I was actually thrilled at the prospect of a new toilet. It doesn't take much to make some people happy, and apparently I am one of those people. I mean, really, the standard toilet in an RV used to be "low-profile" (which is a fancy way of saying that the fucking toilet is only calf-high on the average human), and ours was certainly no exception, with a height of only 15". This meant that any time I had on any kind of shoe, my knees wound up somewhere in the vicinity of my nose when I sat down on the toilet. I was determined that this new toilet would be a proper-height toilet. I went to my usual haunt for RV parts and supplies, but I didn't like what they had to offer in the way of toilets.

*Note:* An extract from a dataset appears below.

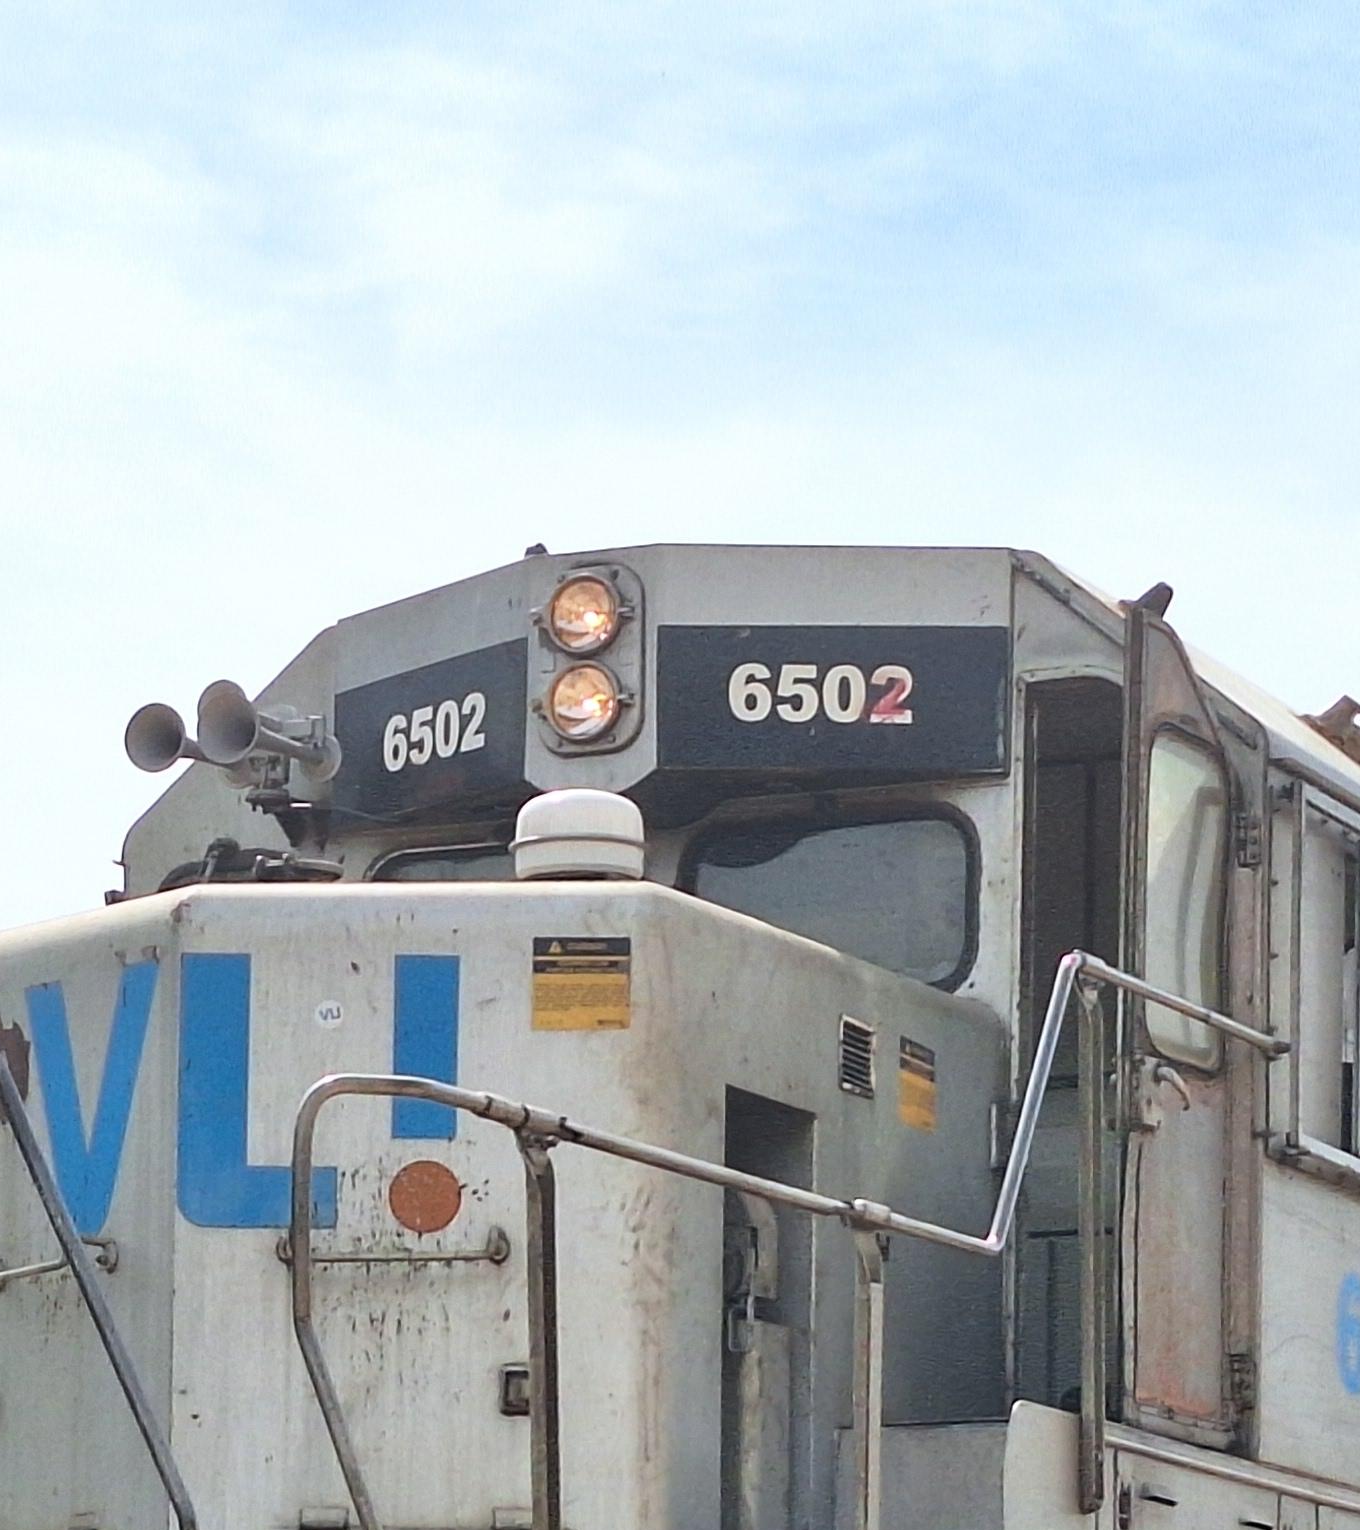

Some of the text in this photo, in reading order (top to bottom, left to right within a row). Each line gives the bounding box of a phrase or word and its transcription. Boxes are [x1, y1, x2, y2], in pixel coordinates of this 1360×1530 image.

[382, 692, 487, 773] 6502
[728, 663, 914, 725] 6502
[25, 953, 460, 1234] VLI

Side note: On many of these home improvement shows I've been watching lately, everybody seems to want a tankless toilet. RVs have tankless toilets, which makes me ahead of the design curve there. It's so awesome to be that hip.
So I went to a different place to find my new toilet. I had a specific budget for the toilet, as stipulated by Sunshine. Much to my surprise, this place not only had a proper-height toilet, they had a proper-height toilet with a ceramic bowl. (RV toilets? Plastic, yo.) I looked at the nice man who was helping me measure the height of the toilet (a whopping 19", y'all, perfect for keeping my knees away from my ears when I have on my 5" heels), pointed at it, and said "I'm going to guess that this toilet is out of my budget." The nice man informed me that this toilet was the second cheapest model they sold. I bought the toilet, laughing gleefully about finally having a real toilet. Really. I think it rather amused the staff at the RV-toilet-getting-place, and that's OK with me. At least they didn't call the psych ward and have me committed.

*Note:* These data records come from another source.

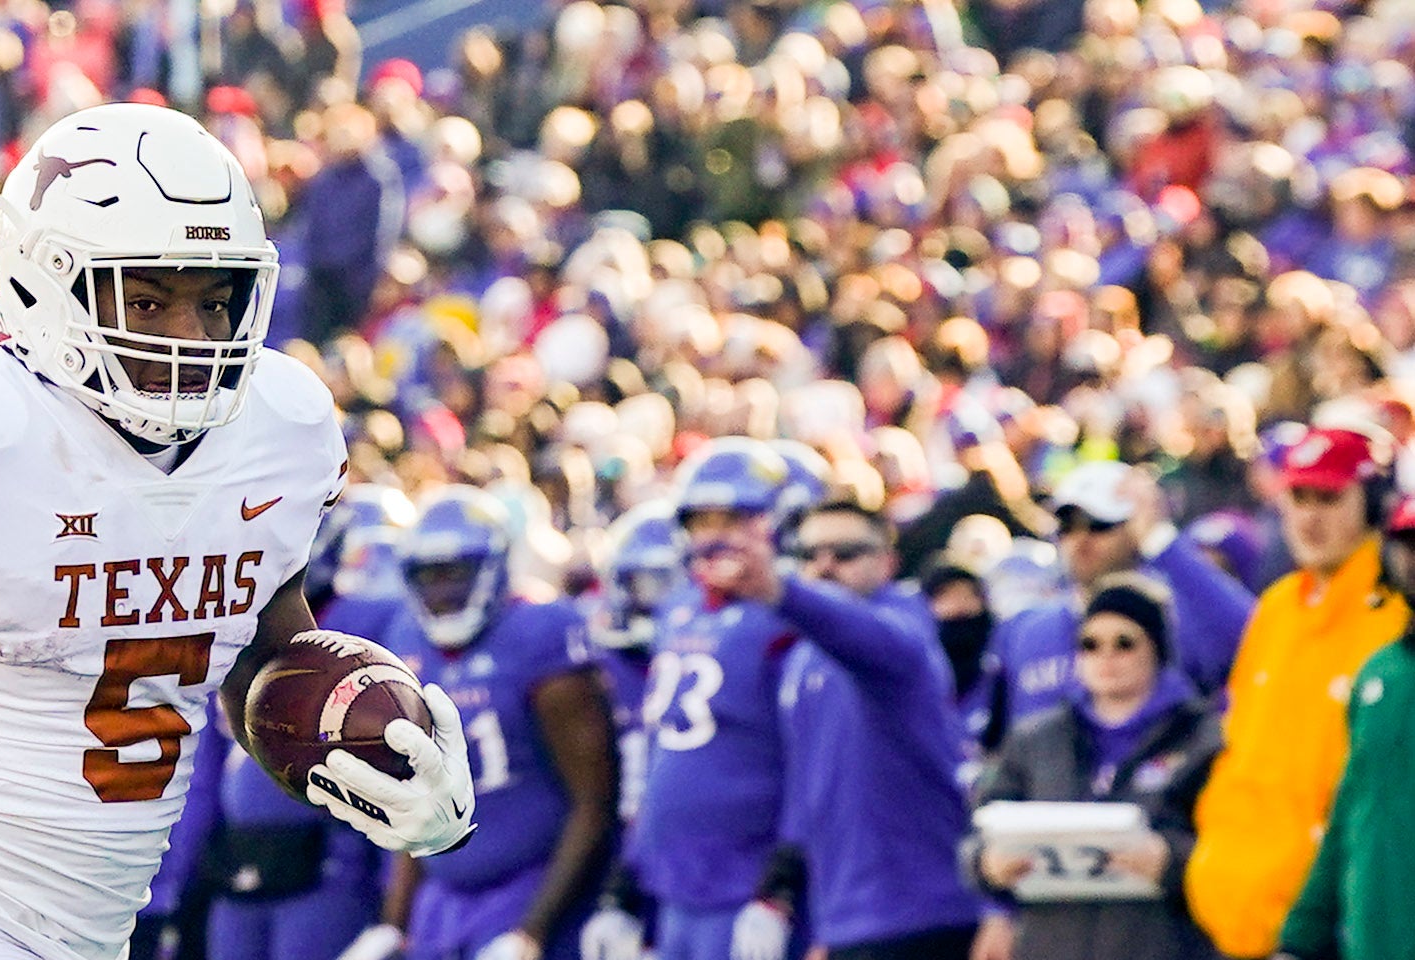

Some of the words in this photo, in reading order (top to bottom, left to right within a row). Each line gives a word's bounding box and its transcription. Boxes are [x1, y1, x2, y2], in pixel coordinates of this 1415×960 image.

[185, 226, 231, 241] HORNS
[54, 550, 264, 629] TEXAS
[83, 632, 216, 803] 5
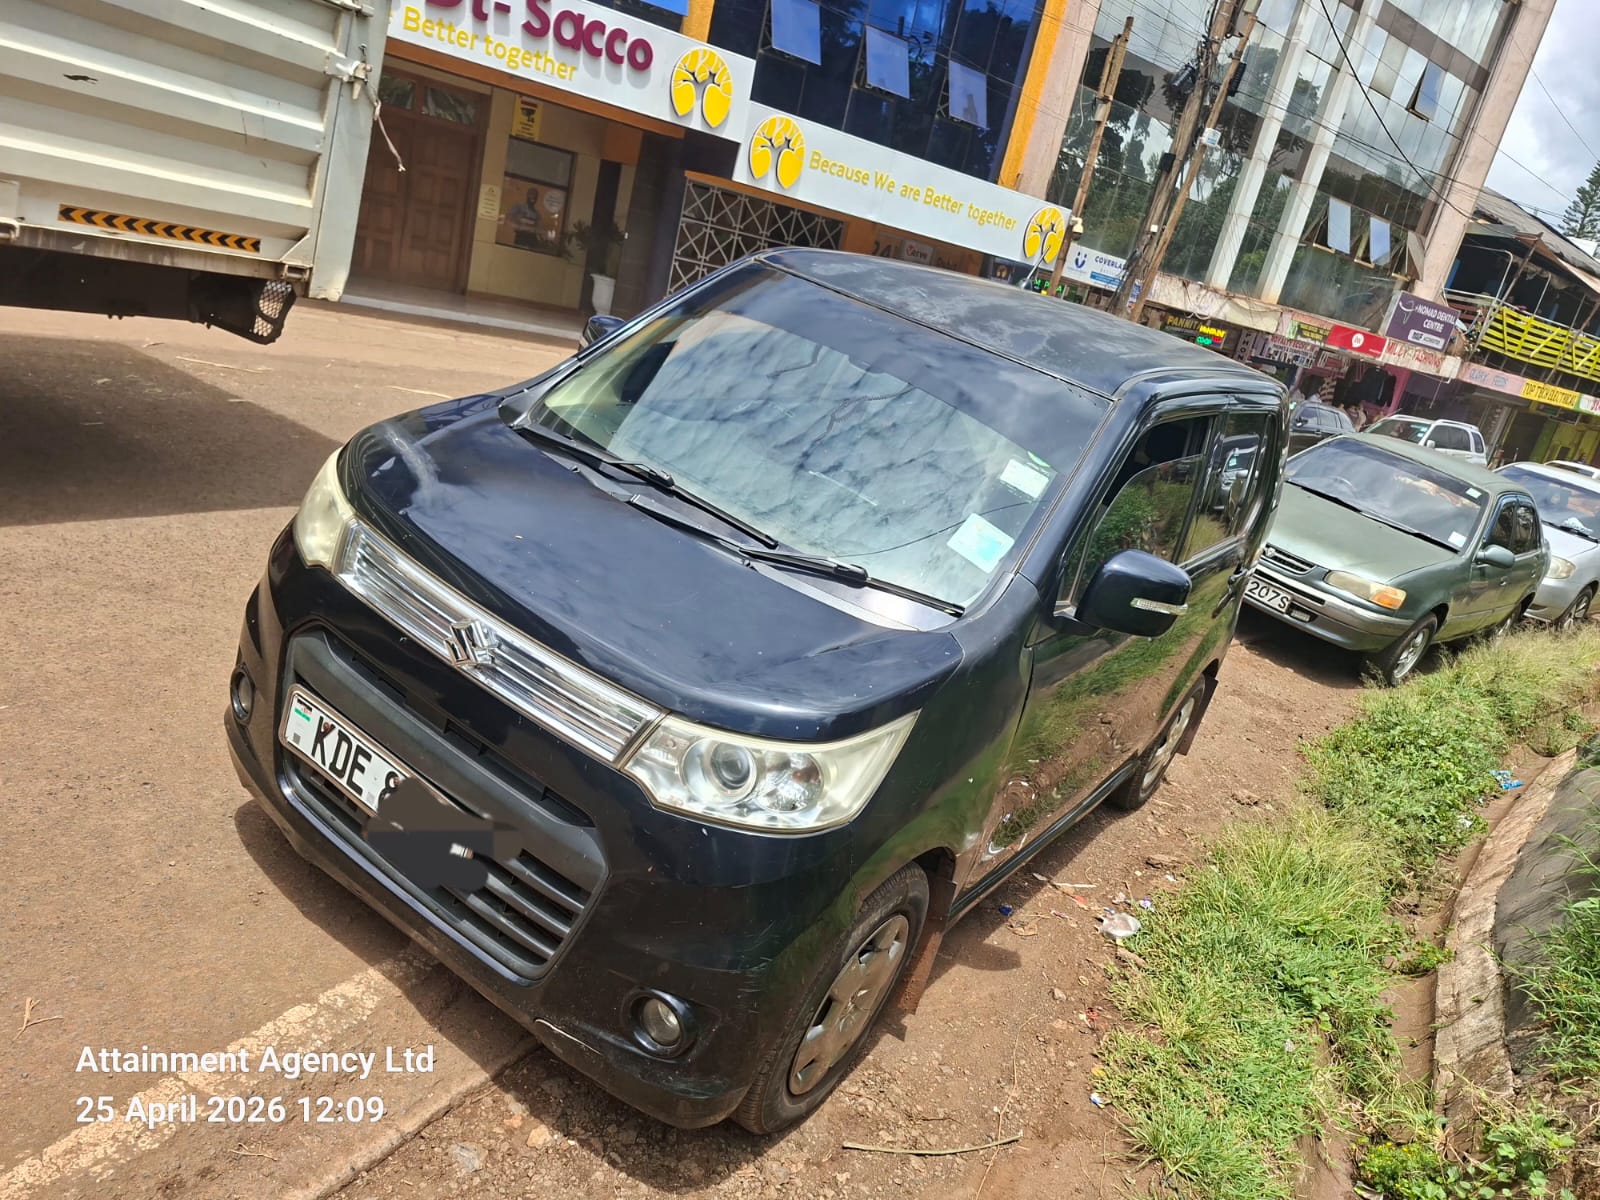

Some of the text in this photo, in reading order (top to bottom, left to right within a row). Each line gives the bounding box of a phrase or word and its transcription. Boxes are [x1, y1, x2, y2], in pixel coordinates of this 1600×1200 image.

[403, 6, 577, 81] Better together
[521, 0, 653, 72] Sacco
[809, 149, 1017, 231] Because We are Better together
[1422, 318, 1444, 332] CENTRE
[1436, 310, 1456, 324] DENTAL
[1522, 382, 1536, 396] TOP
[1248, 581, 1289, 609] 207S
[311, 715, 372, 796] KDE

Once I got home, I began preparing the magic bus for the removal of the old toilet and installation of mah fancy new potty. This involved dumping the black water holding tank (which isn't as gross as it sounds, I never have to touch any parts that actually touch the black water), and refilling it so that I could dump it again to try and make sure that there was nothing smelly left behind. Which is far more horrific than it sounds. With every flush of the old toilet, the doorway to hell opened, and a murderous stench filled the bathroom. I swear to god, Satan's bunghole smells better than empty black water holding tank in 110+ heat index direct sunlight.
Y'all, I am pretty certain that the stench cauterized my adenoids. I am even more certain that I felt brain cells liquefying as that stench assaulted me, burning everything even remotely connected to my nose.
Y'all are lucky that teh twittah has no twitscent, or I would have twitscented that murderous smell so that someone else in the world suffered with me.
I threw everything I could think of at this foul stench. I dumped septic tank treatment, holding tank chemicals, and tank deodorizers into this toilet for transfer to the holding tank. Once the tank was full of water and chemicals, I didn't notice the stench. That doesn't necessarily mean that I won; it is entirely possible that the horrific odor simply burnt away all of my sensory receptors in both my nose and mouth.
I didn't dump that holding tank until Sunshine had the new toilet installed and we were ready to test for leaks. Wonderful man that he is, he worked literally mere inches from the water contained in the tank without saying anything more than "You really filled that tank all the way up".
End result? I have a fancy new toilet, so tall and proud with its ceramic bowl. This makes me happy. In the pants.